Putting aside the truism that the contemporary Democratic Party and President Obama rival the Republican Party in feeding at the trough of Big Business, the GOP-composed opinion in Citizens United v. Federal Election Commission (08-205) is revealed as an exercise in hypocrisy and partisan favoritism by examining another landmark election law case animated by First Amendment claims used in the fight against colossal wealth dominating the political process, Timmons v. Twin Cities Area New Party (95-1608) (1997).
In Timmons, a political party, the now-defunct New Party, sought to fuse its nominated candidates with other political parties' nominated candidates [that is nominating the same people] in an effort to expand the New Party under the protection of the First Amendment's guarantees of free expression and association.
For instance, progressive Democratic Party nominees like Sen. Russ Feingold (D-Wisconsin), Rep. Tammy Baldwin (D-Madison) and Rep Gwen Moore (D-Milwaukee) might also be the nominees of the New Party under the political strategy of electoral fusion.
The goal ultimately was to remove the domination huge money has over the political process and specifically the two major political parties, a la the Gilded Age in the late 19th century when concentrated wealth led to the domination by hyper-concentrated money over the political system, also known as the time of the robber barons.
The New Party lost the Timmons case and its claim of First Amendment rights was rejected in the 6-3 opinion written by the late Chief Justice William H. Rehnquist (R) who wrote that the legislatures' right to regulate elections and insure "stability" outweighed First Amendment guarantees of free expression and association. [Let's put a R or D by Supreme Court Justices and dispense with the absurd notion that our Justices are neutral umpires applying the law and U.S. Constitution.]
Rehnquist was joined in his opinion by fellow Republicans sitting on the Court today, Justices Antonin Scalia, Anthony M. Kennedy, and Clarence Thomas.
Justices Scalia, Kennedy, and Thomas worte/joined the GOP opinion in Citizens United v. Federal Election Commission (08-205), along with two Bush-nominated justices, Alito and Roberts. [The corporate Democrat Justice Stephen G. Breyer agreed with the result in Timmons but dissented in Citizens United.]
What is both amusing and repulsive in reading Kennedy's Citizens United opinion is the Court's claim to be championing the liberty interests of the First Amendment interpreted expansively, the opinion's author would have us believe. Writes Kennedy, "If the First Amendment has any force, it prohibits Congress from fining or jailing citizens, or associations of citizens, for simply engaging in political speech."

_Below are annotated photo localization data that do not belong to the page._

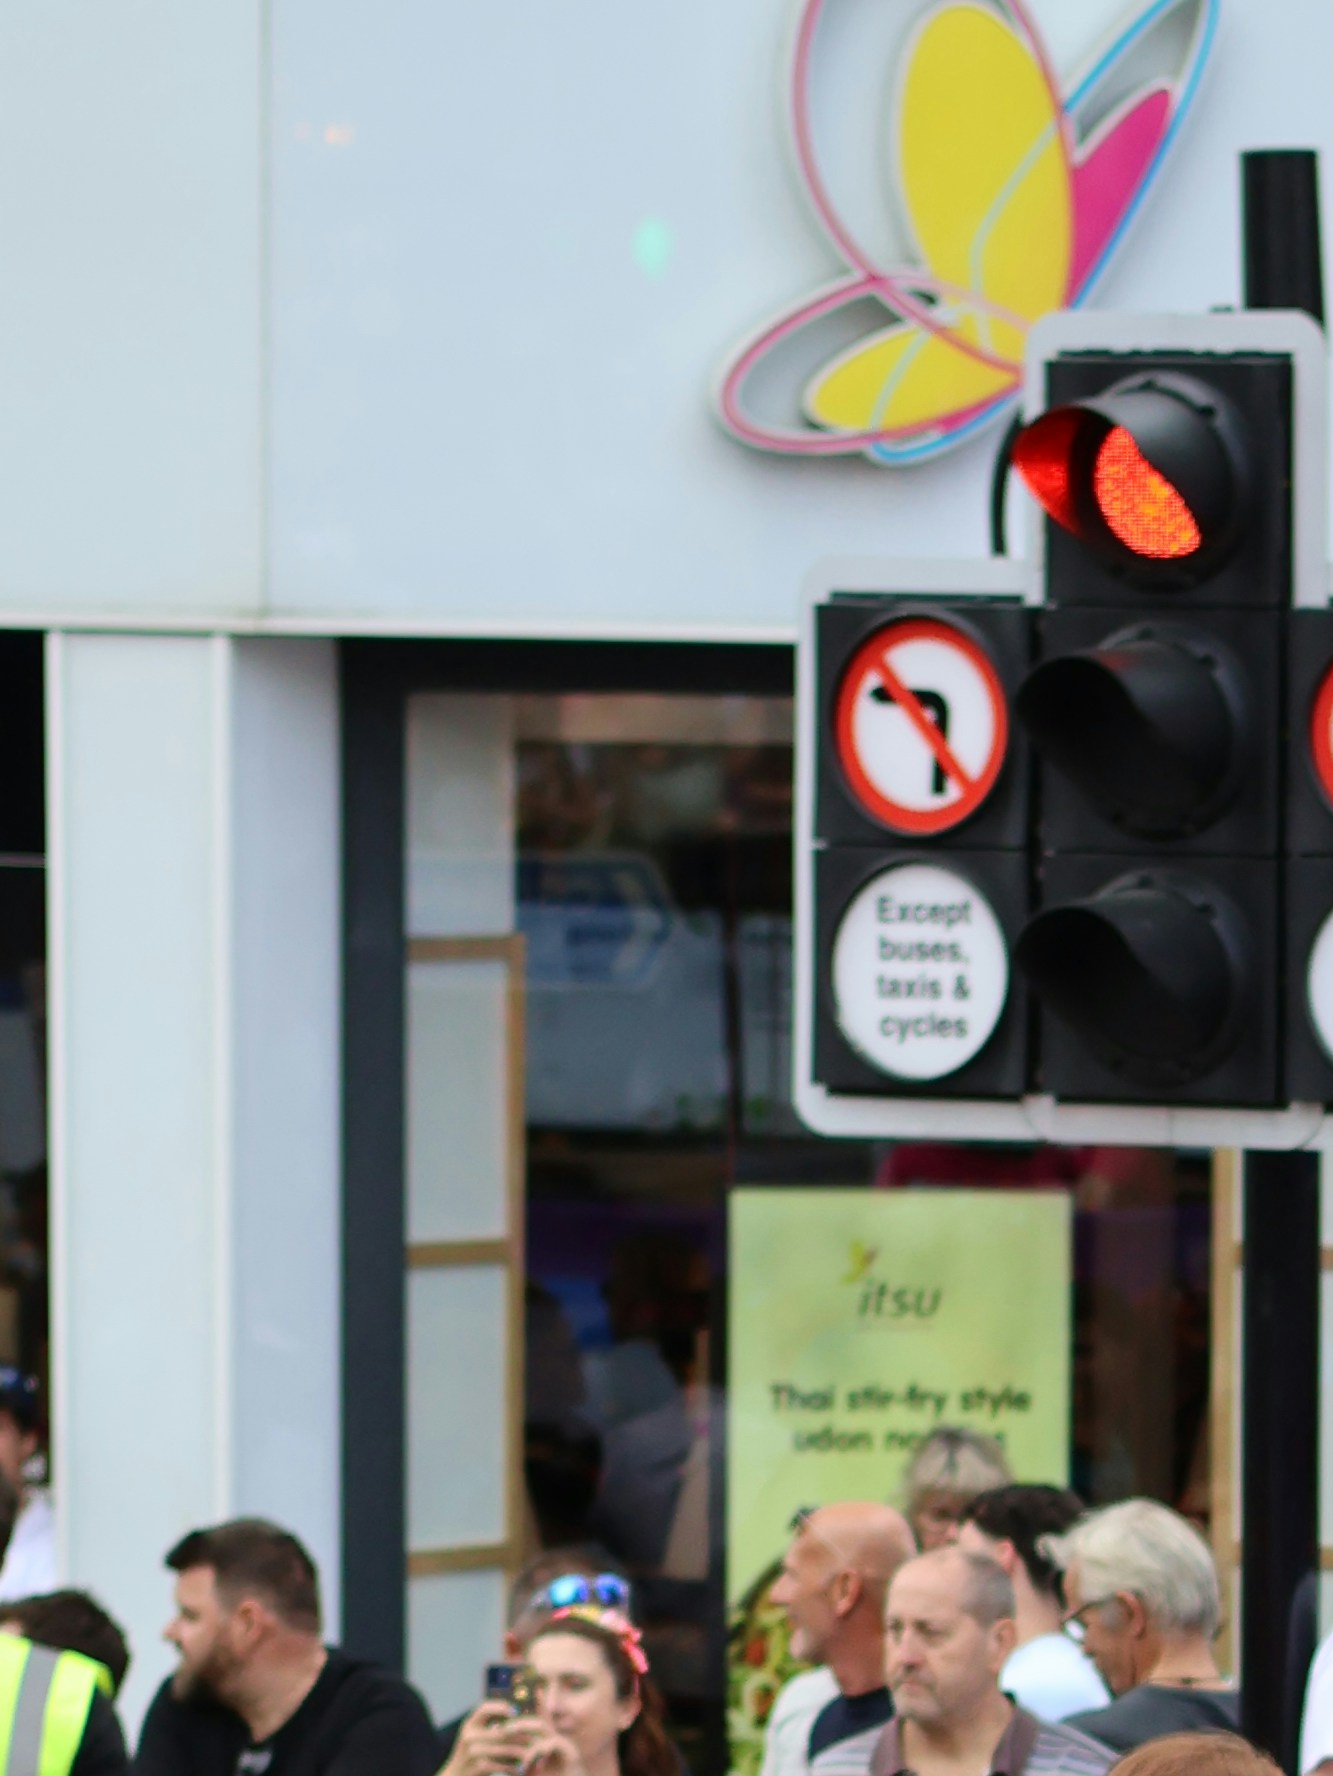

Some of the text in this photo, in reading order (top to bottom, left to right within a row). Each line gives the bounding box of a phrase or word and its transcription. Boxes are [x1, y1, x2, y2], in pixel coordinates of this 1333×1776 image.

[878, 895, 972, 930] Except
[879, 933, 970, 964] buses,
[876, 973, 971, 1000] taxis &
[880, 1012, 968, 1043] cycles
[857, 1279, 943, 1318] itsu
[771, 1383, 835, 1412] Thai
[960, 1384, 1032, 1418] style
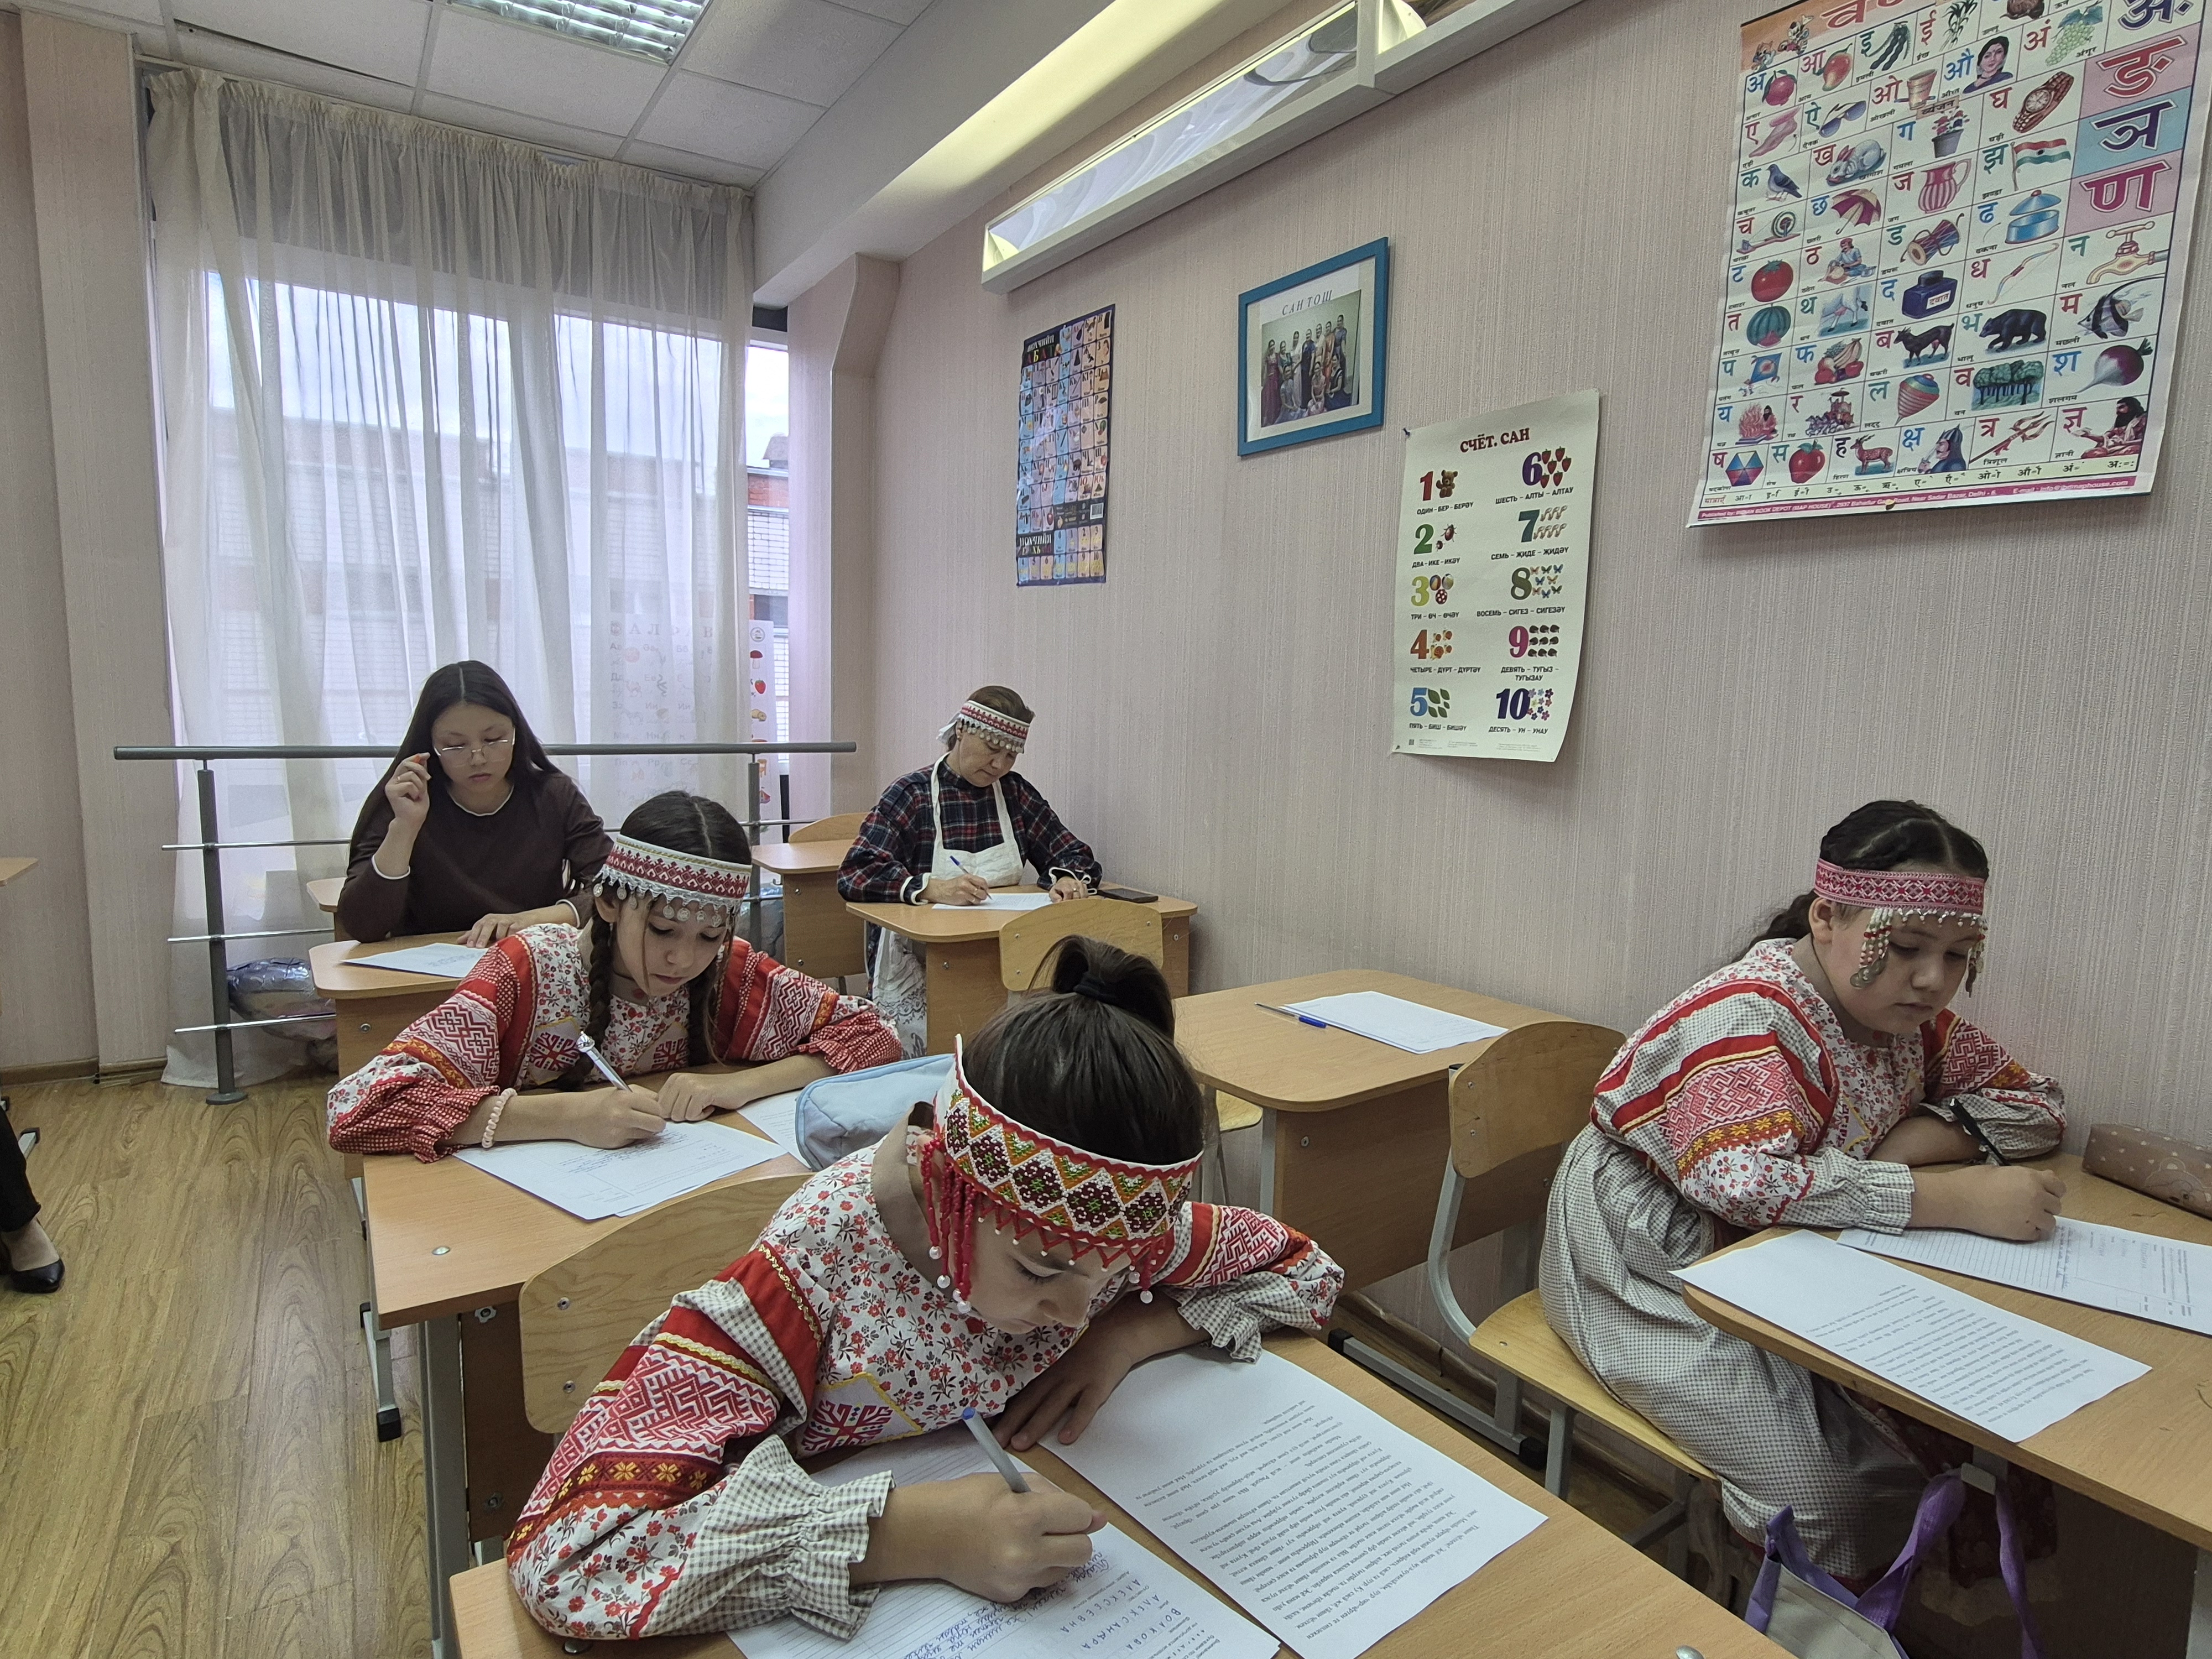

Never mind that Kennedy misstates the issue in the Citizens United case concerning how citizens can engage in political speech in the electoral process, where is this libertarian fervor of Scalia, Kennedy, and Thomas in the Timmons case? It is absent. Justices Scalia, Kennedy, and Thomas joined Justice Rehnquist (infamously hostile to the liberties in the Bill of Rights) in Timmons in which Rehnquist writes: ''Ballots serve primarily to elect candidates, not as fora for political expression.''
But now these Republican jurists are the champions of free expression and free association, asserting the unmentioned imperative by Citizens United's litigants that for-profit corporations must be protected vehicles of free speech and the hell with precedent and law, much less the stability of the electoral system.